**Given data**
== Segment start ==
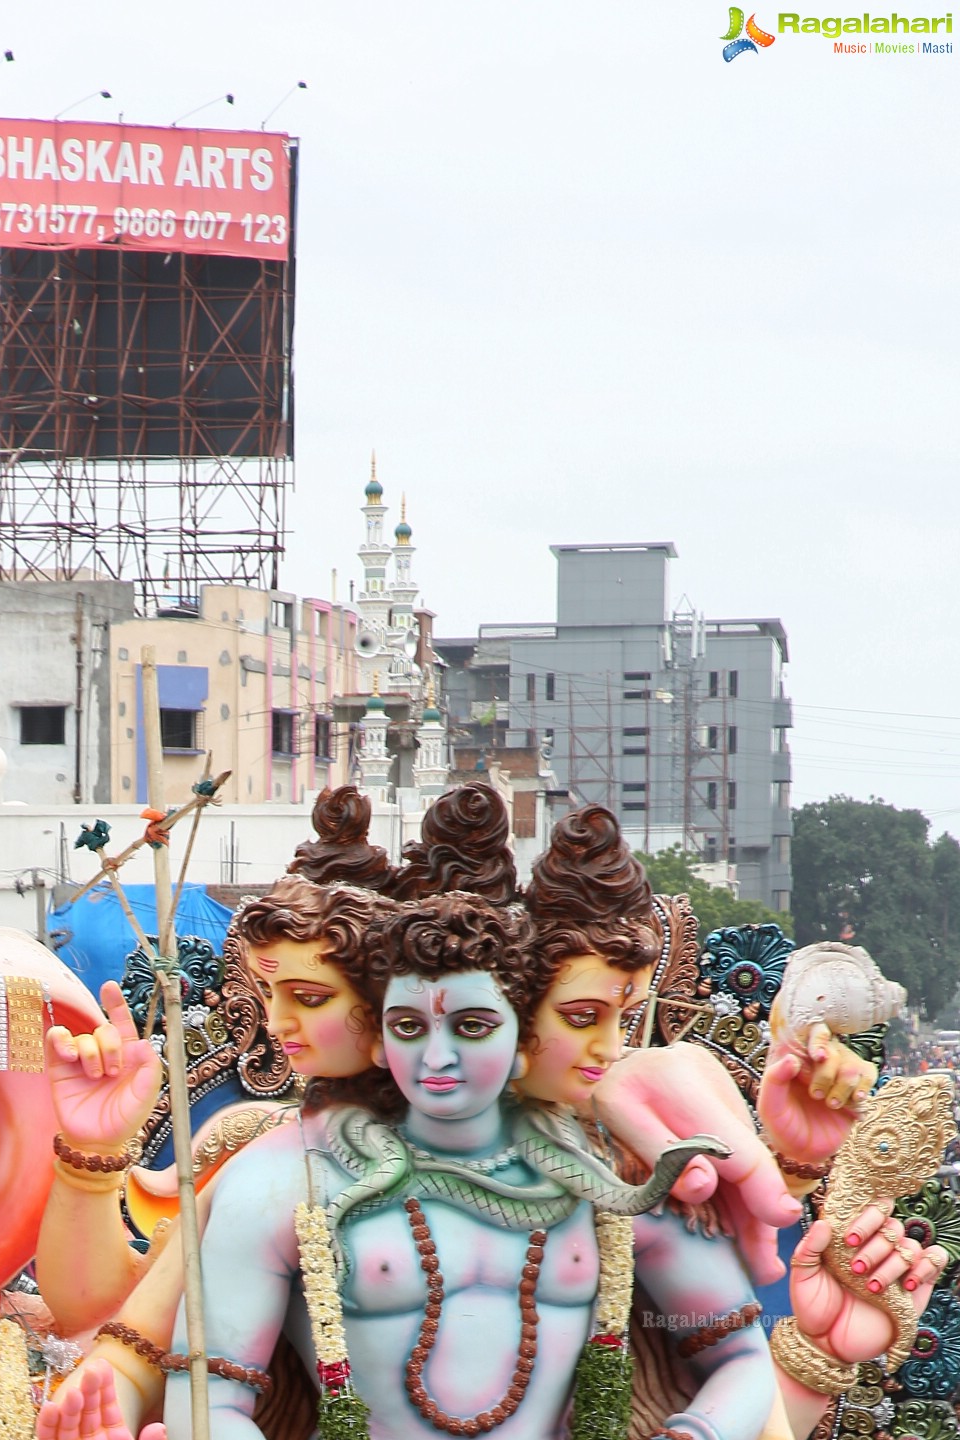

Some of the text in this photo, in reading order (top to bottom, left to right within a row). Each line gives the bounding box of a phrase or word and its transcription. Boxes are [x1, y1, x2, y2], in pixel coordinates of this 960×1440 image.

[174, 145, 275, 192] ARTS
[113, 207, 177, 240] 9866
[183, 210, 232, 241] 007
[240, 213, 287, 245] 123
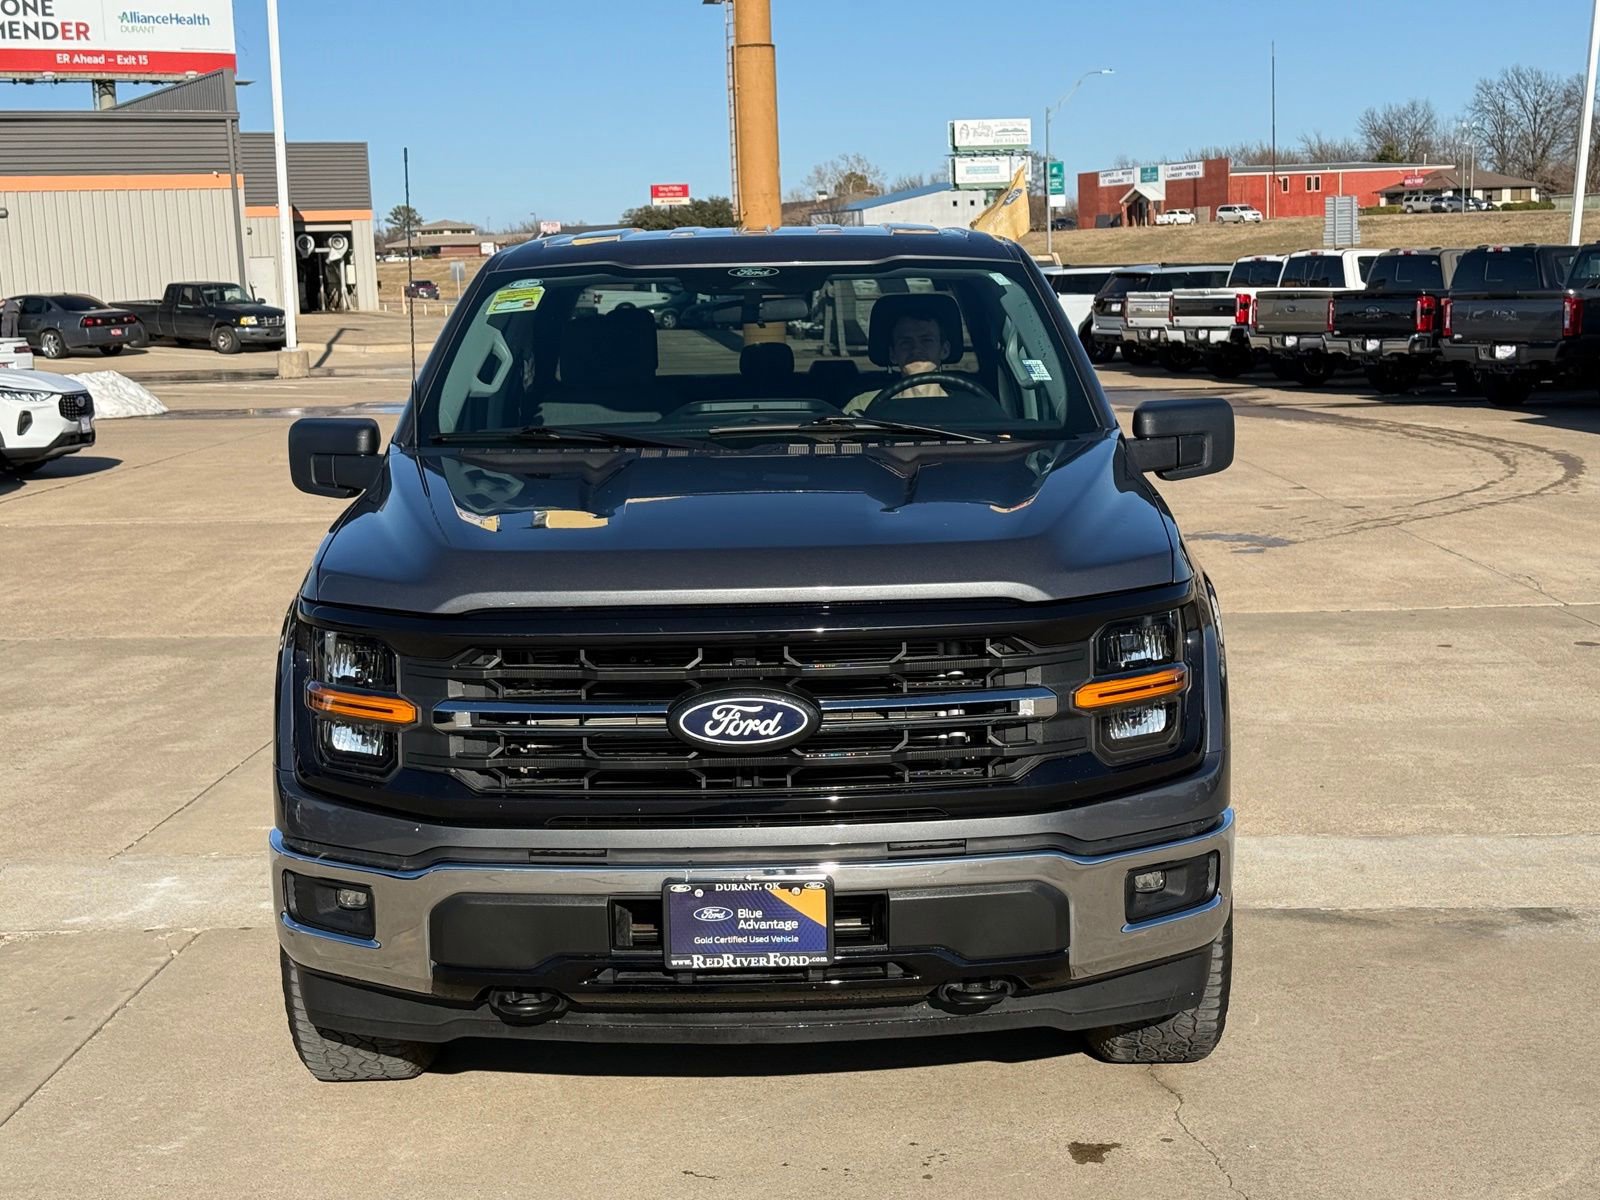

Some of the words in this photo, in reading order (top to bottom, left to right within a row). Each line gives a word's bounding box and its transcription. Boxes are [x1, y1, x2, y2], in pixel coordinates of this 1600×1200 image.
== Segment end ==
== Segment start ==
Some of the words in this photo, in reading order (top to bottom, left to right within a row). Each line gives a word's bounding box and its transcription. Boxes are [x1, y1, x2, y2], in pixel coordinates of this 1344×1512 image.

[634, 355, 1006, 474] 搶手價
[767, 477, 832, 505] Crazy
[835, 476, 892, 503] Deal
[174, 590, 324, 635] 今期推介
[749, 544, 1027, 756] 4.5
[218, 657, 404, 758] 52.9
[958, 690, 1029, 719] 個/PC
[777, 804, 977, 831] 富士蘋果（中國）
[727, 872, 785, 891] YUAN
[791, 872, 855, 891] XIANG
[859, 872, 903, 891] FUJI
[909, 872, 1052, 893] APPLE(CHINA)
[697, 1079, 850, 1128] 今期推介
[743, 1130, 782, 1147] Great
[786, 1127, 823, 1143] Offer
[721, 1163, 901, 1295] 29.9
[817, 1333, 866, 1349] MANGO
== Segment end ==
== Segment start ==
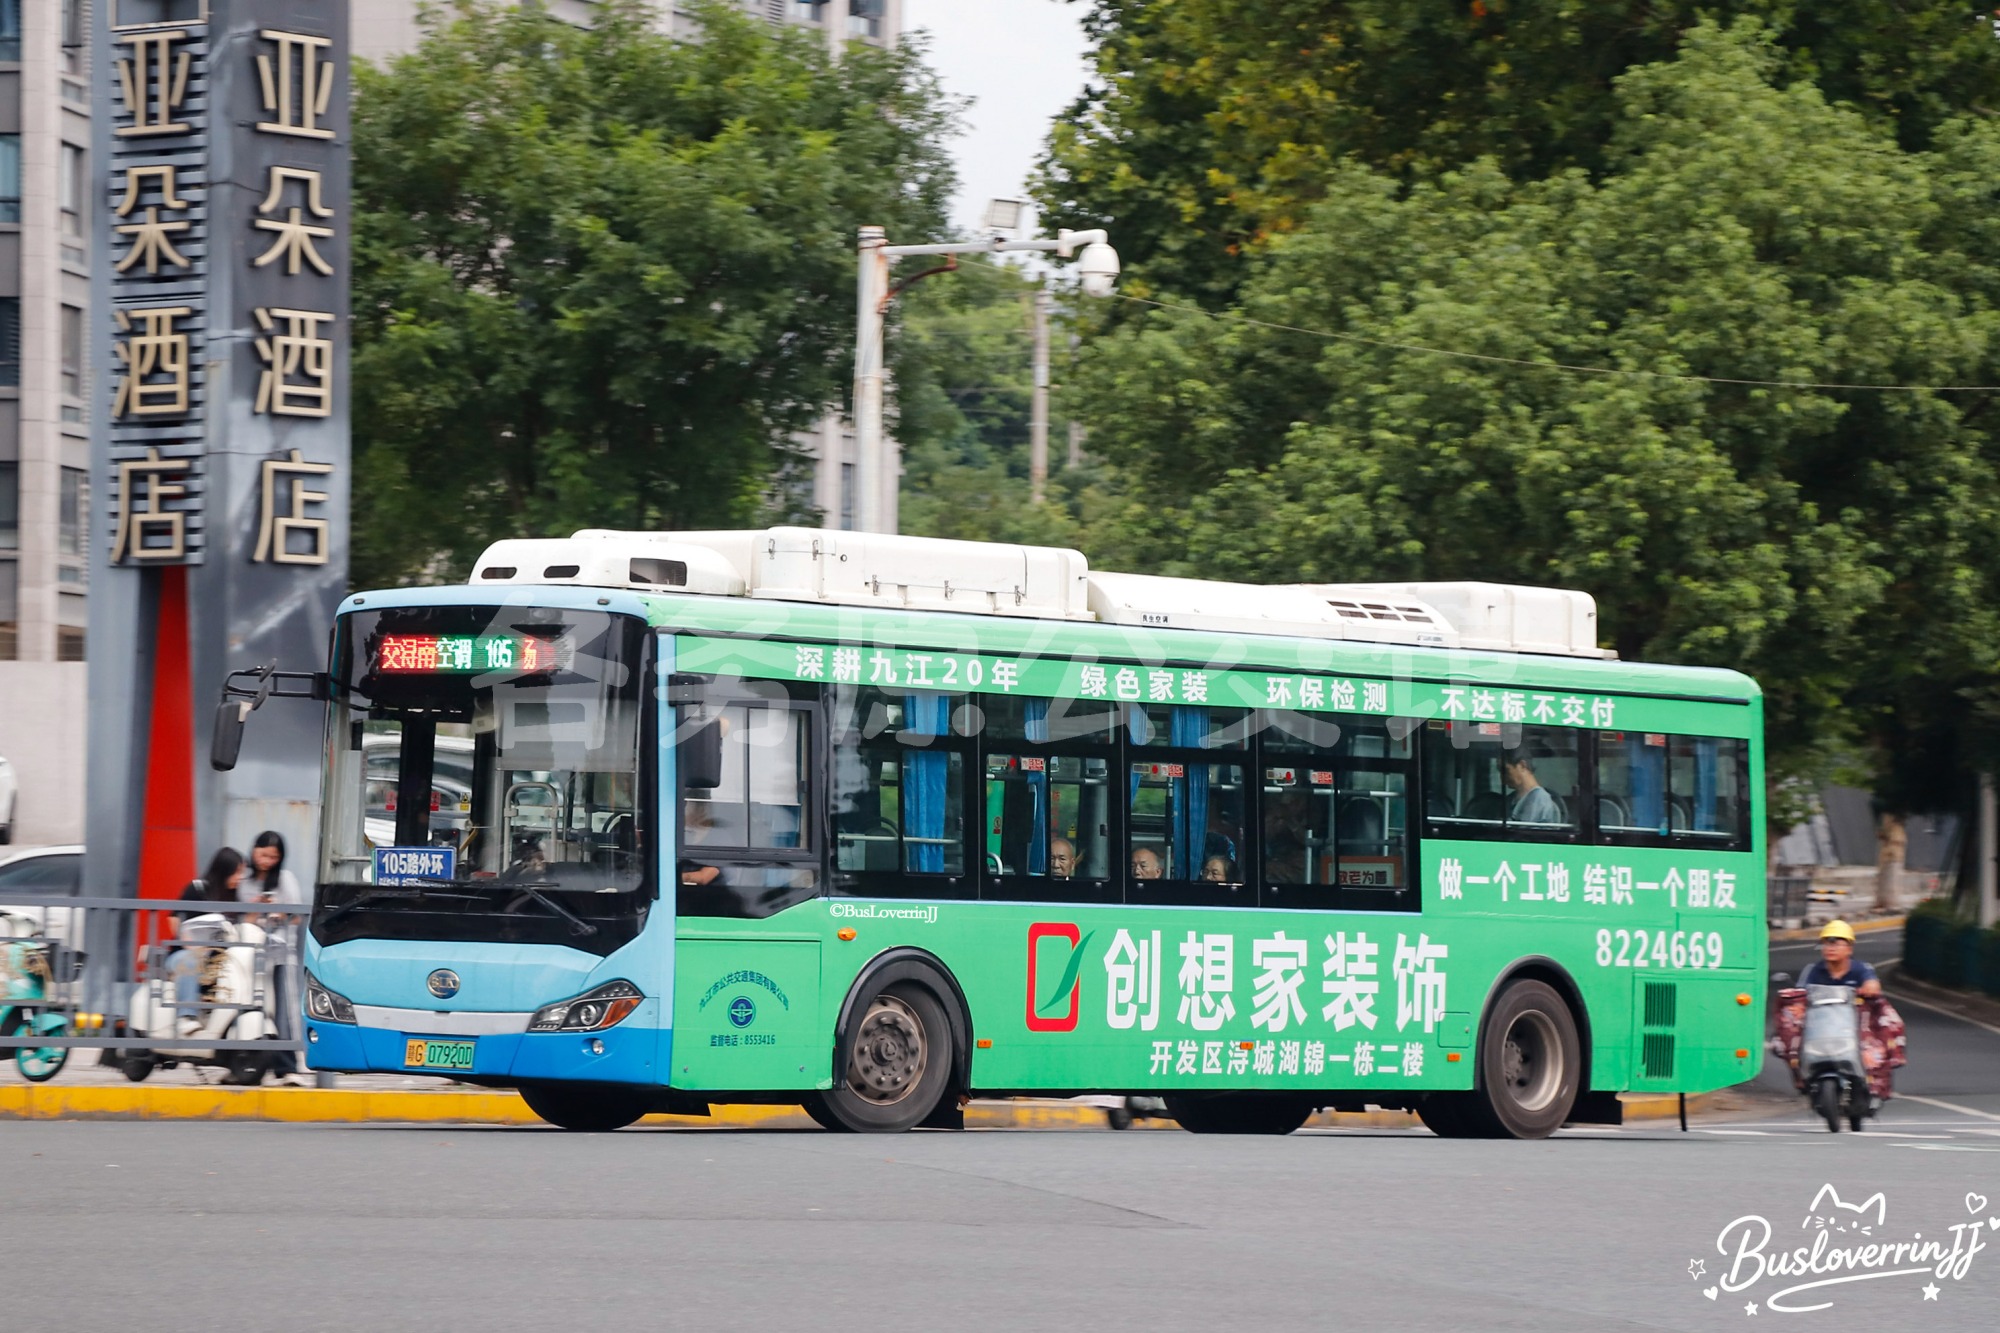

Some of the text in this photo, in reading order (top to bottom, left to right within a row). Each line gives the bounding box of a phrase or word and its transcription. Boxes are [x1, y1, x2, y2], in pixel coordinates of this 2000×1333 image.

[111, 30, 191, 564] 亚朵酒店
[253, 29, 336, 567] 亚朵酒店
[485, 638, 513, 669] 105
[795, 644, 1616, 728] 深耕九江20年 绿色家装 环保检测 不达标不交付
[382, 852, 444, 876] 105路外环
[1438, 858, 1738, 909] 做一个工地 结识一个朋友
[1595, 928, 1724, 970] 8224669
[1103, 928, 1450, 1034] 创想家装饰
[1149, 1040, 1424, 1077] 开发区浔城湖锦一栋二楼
== Segment end ==
**Goal of the exercise**
Going by the entries above, repeat exactly the lines that start at the line with "this 960×1440 image." and go on through the line with "this 1600×1200 image.". Pictures are not part of the copy.

**Result of this exercise**
Some of the text in this photo, in reading order (top to bottom, left to right within a row). Each line gives the bounding box of a phrase or word and its transcription. Boxes are [x1, y1, x2, y2], in pixel coordinates of this 960×1440 image.

[174, 145, 275, 192] ARTS
[113, 207, 177, 240] 9866
[183, 210, 232, 241] 007
[240, 213, 287, 245] 123

Some of the words in this photo, in reading order (top to bottom, left to right within a row). Each line gives a word's bounding box and its transcription. Boxes are [x1, y1, x2, y2], in pixel coordinates of this 1600×1200 image.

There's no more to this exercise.